What: Shares of Marathon Petroleum (MPC -0.90%) climbed close to 13% in the month of November. While most of the news was around upping Marathon's buyout offer for MarkWest Energy Partners (NYSE: MWE), lower crude oil is still helping refining stocks.
So what: For close to six months now, Marathon and its subsidiary master limited partnership MPLX (MPLX 0.02%) have been trying to iron out the details of its acquisition of MarkWest Energy. Last month, MPLX upped the cash consideration for each of MarkWest's shares twice to sweeten the deal before MarkWest's shareholders voted on the deal. The new cash consideration for the deal is now $6.20 per share versus the original $3.37 per share MPLX offered. It appears this was enough, as MarkWest announced the approval of the deal on December 1st.
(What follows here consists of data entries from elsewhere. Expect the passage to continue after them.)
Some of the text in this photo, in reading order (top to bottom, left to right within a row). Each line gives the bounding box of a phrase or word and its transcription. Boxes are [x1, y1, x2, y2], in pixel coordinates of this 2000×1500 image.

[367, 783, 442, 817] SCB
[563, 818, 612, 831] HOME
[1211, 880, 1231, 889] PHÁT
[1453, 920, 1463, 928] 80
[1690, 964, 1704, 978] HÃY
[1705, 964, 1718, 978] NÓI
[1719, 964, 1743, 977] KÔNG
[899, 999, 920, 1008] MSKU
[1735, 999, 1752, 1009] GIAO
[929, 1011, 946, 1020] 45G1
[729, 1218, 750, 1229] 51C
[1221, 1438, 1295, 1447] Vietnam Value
The bigger theme for Marathon, though, was the fact that oil prices continued to remain low, which has helped boost refining margins across the entire country. High refining margins have allowed Marathon to generate gobs of free cash flow and deploy it toward share repurchases, and the company is even considering "incubating" several of MarkWest's pipeline projects and then dropping them down to MPLX once the acquisition is complete.
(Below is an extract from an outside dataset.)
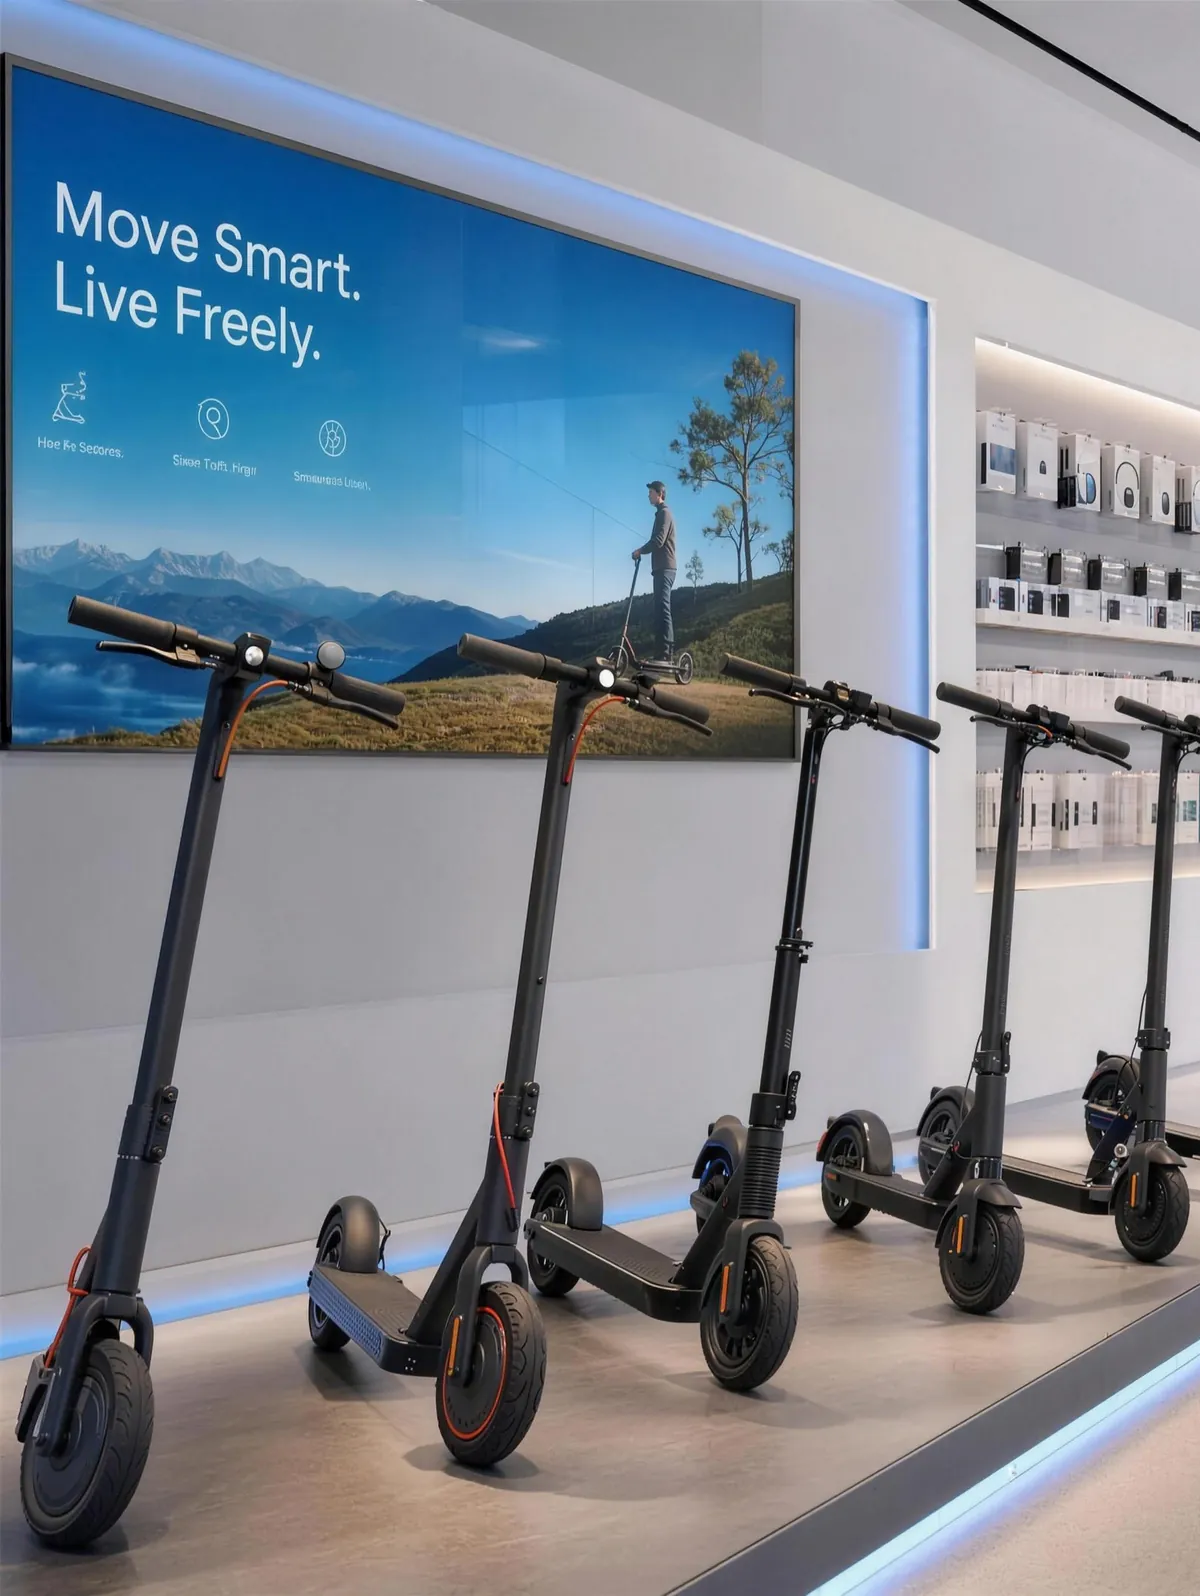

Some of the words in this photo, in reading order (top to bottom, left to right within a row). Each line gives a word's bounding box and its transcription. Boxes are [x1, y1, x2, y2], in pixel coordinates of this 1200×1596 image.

[56, 181, 199, 263] Move
[214, 222, 361, 301] Smart.
[56, 260, 158, 329] Live
[176, 285, 321, 369] Freely.
Now what: Marathon is in a cyclical business, and right now, this is probably what you would call one of the high points of that cycle. How long this cheap crude environment lasts is anyone's guess, but as long as it's here, Marathon will continue to benefit immensely. The question over the longer term is whether the investments in MPLX and MarkWest will help to generate a more consistent cash flow once the market for refining starts to turn sour when oil prices rise.